Growth and cutting: Starting from the seed points, the algorithm iteratively assigns each point in the point cloud to the segment of the nearest seed point. This process continues until it hits a boundary, typically defined by a substantial change in the depth information. The GrowCut algorithm, commonly used in image segmentation, is referenced in [35].

In addition to the general use of depth information, our method places specific emphasis on identifying and analyzing ‘substantial/significant changes in depth information’. This concept refers to the detection of notable variations in depth within the point cloud, crucial for discerning the distinct shapes and spatial arrangements of objects. These significant changes, often marking the boundaries between different objects or features, are key to effective segmentation. For example, a sharp change in depth at the edge of an object indicates a transition point, essential for our algorithm to differentiate between elements in the point cloud. This detailed analysis of depth changes enhances our overall approach to segmentation, complementing our focus on providing a detailed 3D context for a better understanding of object shapes and spatial arrangements.

Here, the concept of ‘nearest’ is determined by the distance matrix ‘D’ constructed in the pre-processing step. Specifically, for a given point ‘p’, if

D_{(P, S_{i})} < D_{(P, S_{j})}

(2)

for any two seed points ‘s_i’ and ‘s_j’, point ‘p’ is assigned to the segment of seed point ‘s_i’.

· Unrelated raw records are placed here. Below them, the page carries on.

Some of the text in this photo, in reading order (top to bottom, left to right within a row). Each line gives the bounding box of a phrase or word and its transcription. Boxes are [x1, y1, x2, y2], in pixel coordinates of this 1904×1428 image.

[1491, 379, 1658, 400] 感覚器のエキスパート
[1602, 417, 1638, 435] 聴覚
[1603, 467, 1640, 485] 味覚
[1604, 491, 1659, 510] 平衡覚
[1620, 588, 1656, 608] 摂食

This grow–cut process produces an initial segmentation of the point cloud into distinct regions or classes. However, due to the inherent noise in the depth information, this preliminary segmentation might be excessively granular or contain minor errors. To address these issues, we introduce a propagation step to refine the segmentation, which we will detail in the next section.

3.4. Propagation

The propagation step of our algorithm aims to refine the preliminary segmentation obtained from the grow–cut process. It “grows” the segments from the seed points outwards and “cuts” them when encountering a boundary between different classes or regions. This boundary is typically recognized as a significant change in depth information. The algorithmic details of this propagation step can be described as follows:

The algorithm iterates over each point in the point cloud and examines its spatially adjacent neighbors.

For each point ‘p’, it’s assigned to the segment of the nearest seed point ‘s’, only if the depth value of ‘p’ is similar to the depth value of ‘s’. Here, ‘nearest’ and ‘similar’ are determined based on the Euclidean distance in the 3D space (from the distance matrix ‘D’ constructed in the pre-processing step) and a pre-defined depth similarity threshold ‘T’, respectively.

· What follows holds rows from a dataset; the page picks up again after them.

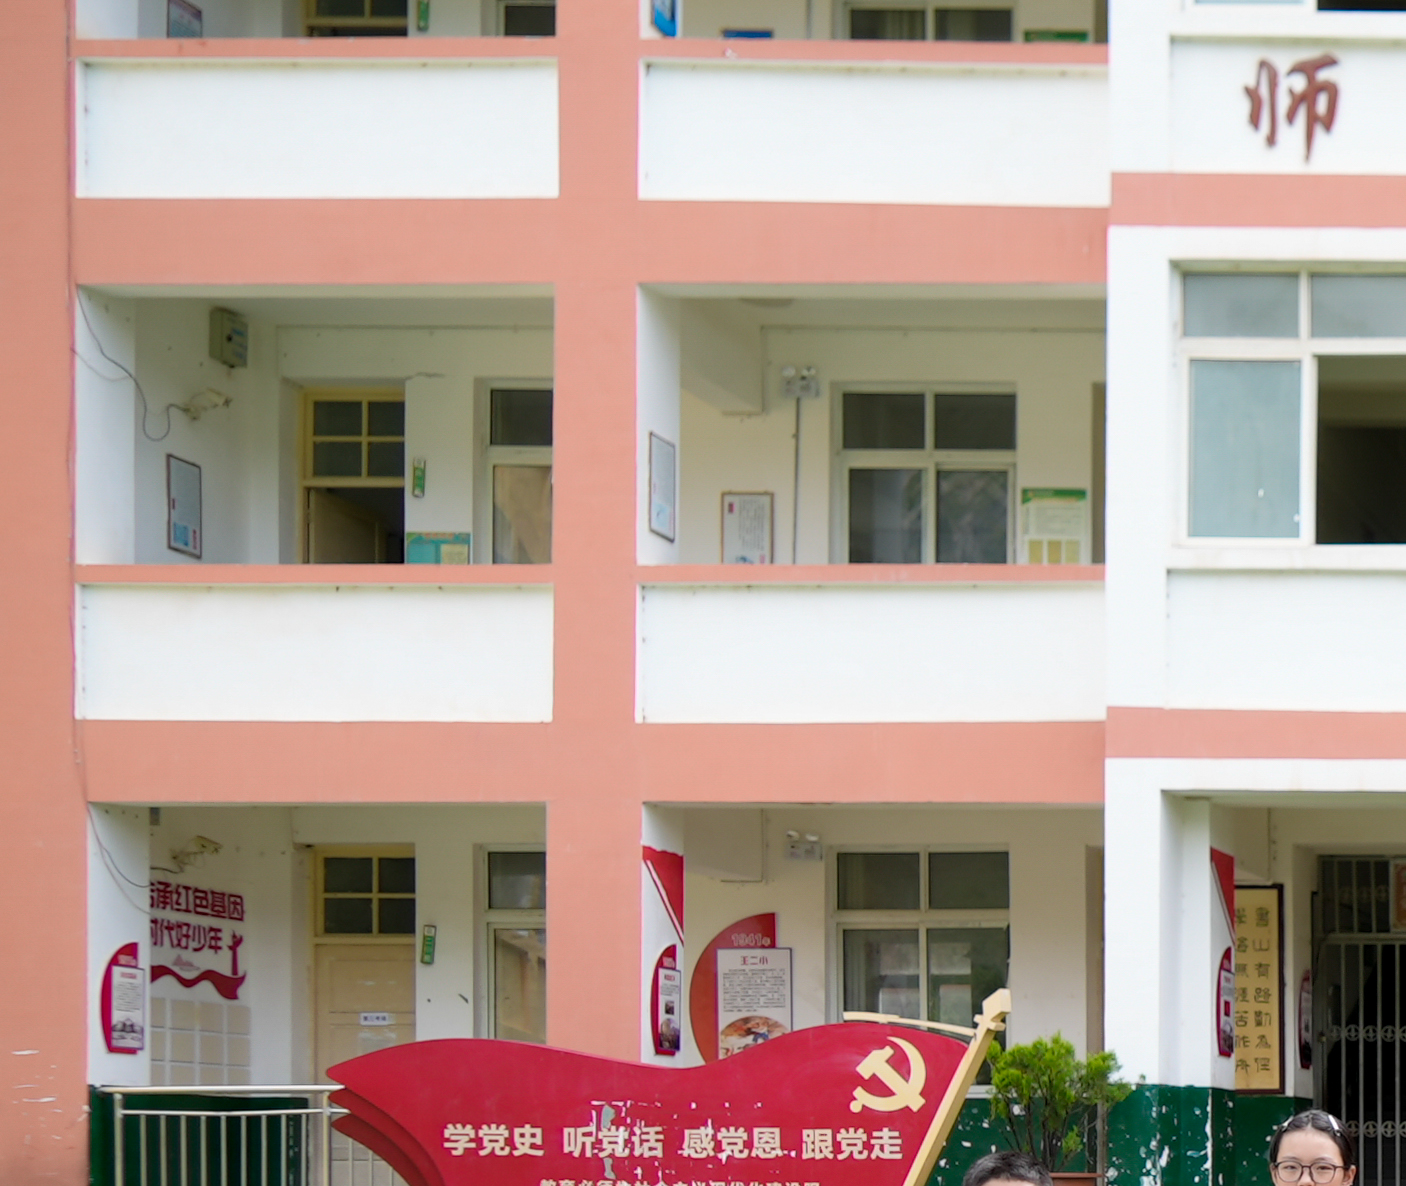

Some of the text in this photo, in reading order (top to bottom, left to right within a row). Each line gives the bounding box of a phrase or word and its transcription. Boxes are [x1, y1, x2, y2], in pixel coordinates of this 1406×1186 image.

[150, 878, 245, 921] 承红色基因
[443, 1123, 903, 1161] 学党史 听党话 感党恩 跟党走
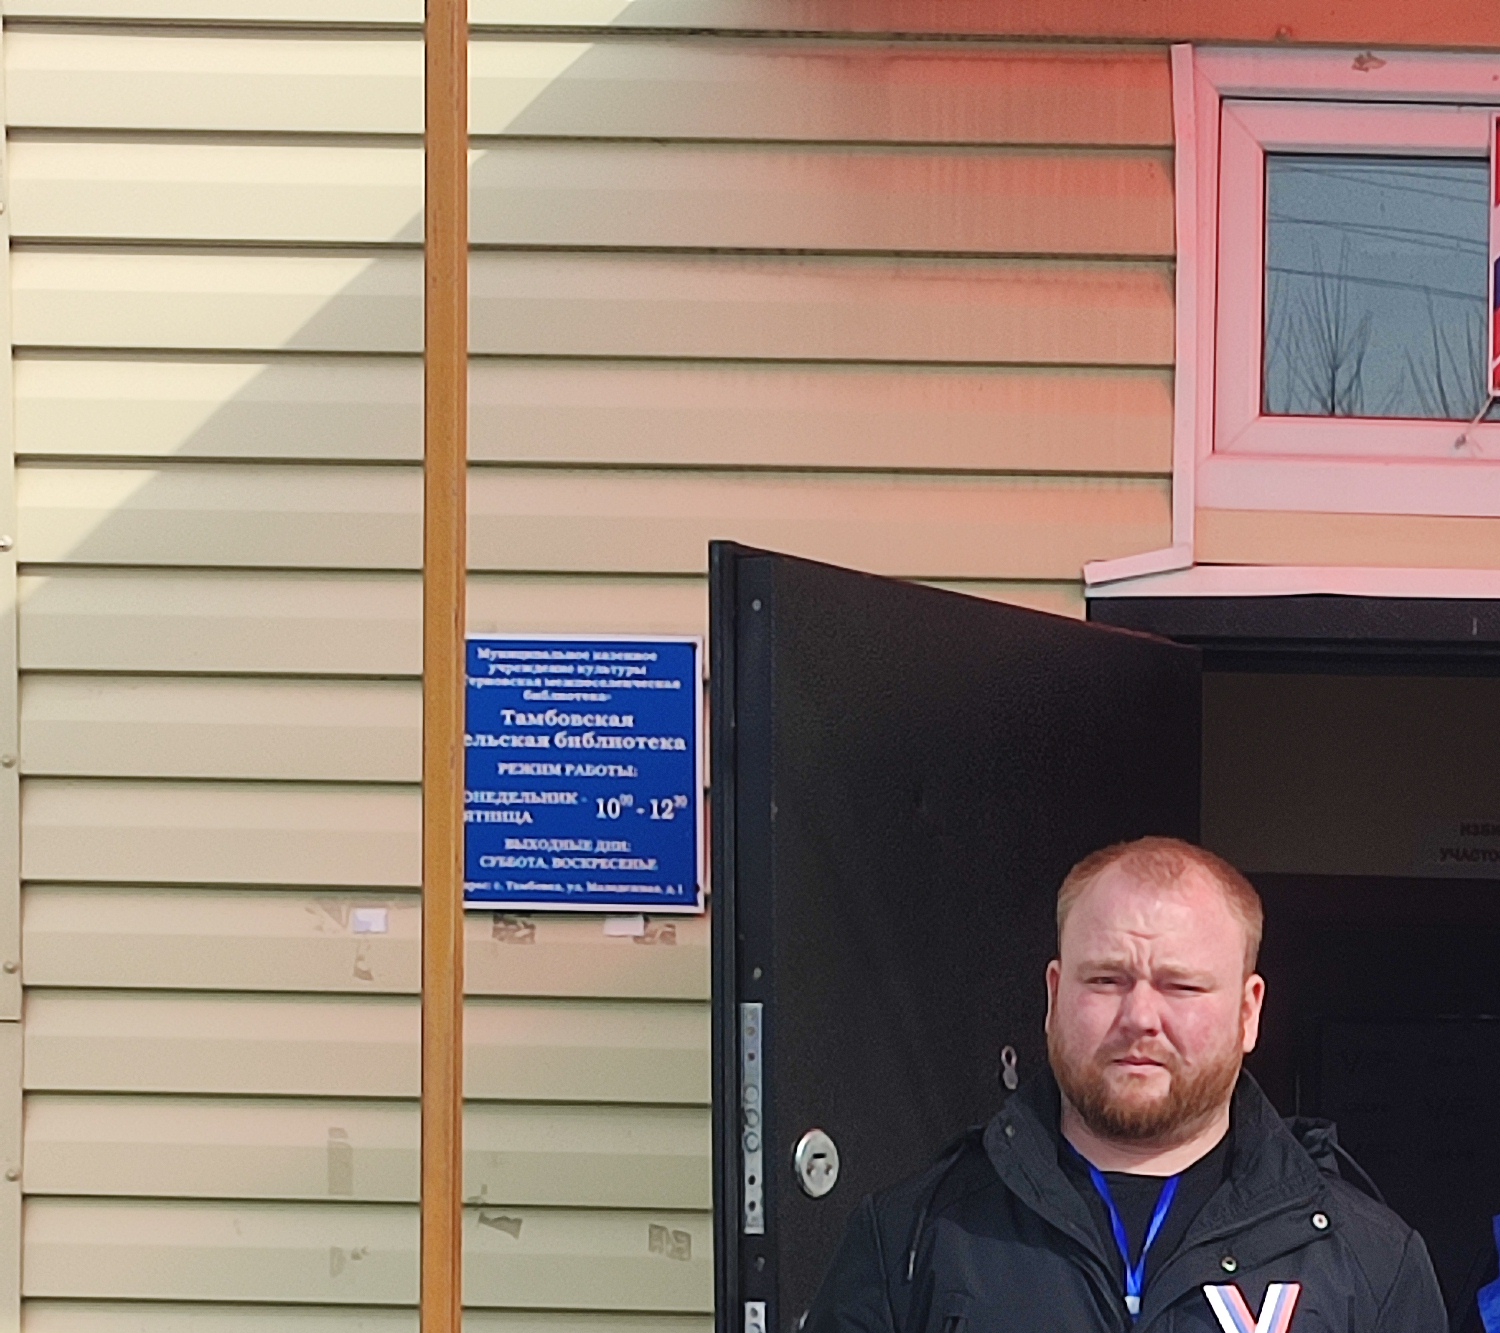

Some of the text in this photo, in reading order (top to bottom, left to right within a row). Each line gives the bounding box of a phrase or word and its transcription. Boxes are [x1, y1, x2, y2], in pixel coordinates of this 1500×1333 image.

[500, 709, 634, 728] Тамбовская
[464, 731, 686, 751] ельская библиотека
[497, 762, 561, 776] РЕЖИМ
[464, 791, 578, 805] ОНЕДЕЛЬНИК
[464, 810, 533, 826] ЯТНИЦА

In mathematical terms, for a given point ‘p’, if

D_{(P, S_{i})} < D_{(P, S_{j})}

(3)

|depth (p) - depth (s_{i})| < T

(4)

for any two seed points ‘s_i’ and ‘s_j’, point ‘p’ is re-assigned to the segment of seed point ‘s_i’.

This propagation process is repeated until no point changes its segment assignment, which results in a final, refined segmentation of the point cloud. Our method has been specifically designed for efficiency with large-scale point cloud data. By leveraging the inherent structure of the data and the depth information, it enables a more accurate segmentation.

3.5. Optimization

To further enhance the efficiency and effectiveness of our method, we introduce an optimization step. In this phase, we apply a voxel-based approach. This strategy can dramatically reduce the computational complexity by grouping nearby points in the point cloud into a single voxel.

Specifically, we divide the 3D space into cubic voxels of a certain size. Each voxel then represents all the points that fall within its boundaries. Instead of processing individual points, our algorithm now works on a significantly reduced set of voxels, greatly accelerating the segmentation process.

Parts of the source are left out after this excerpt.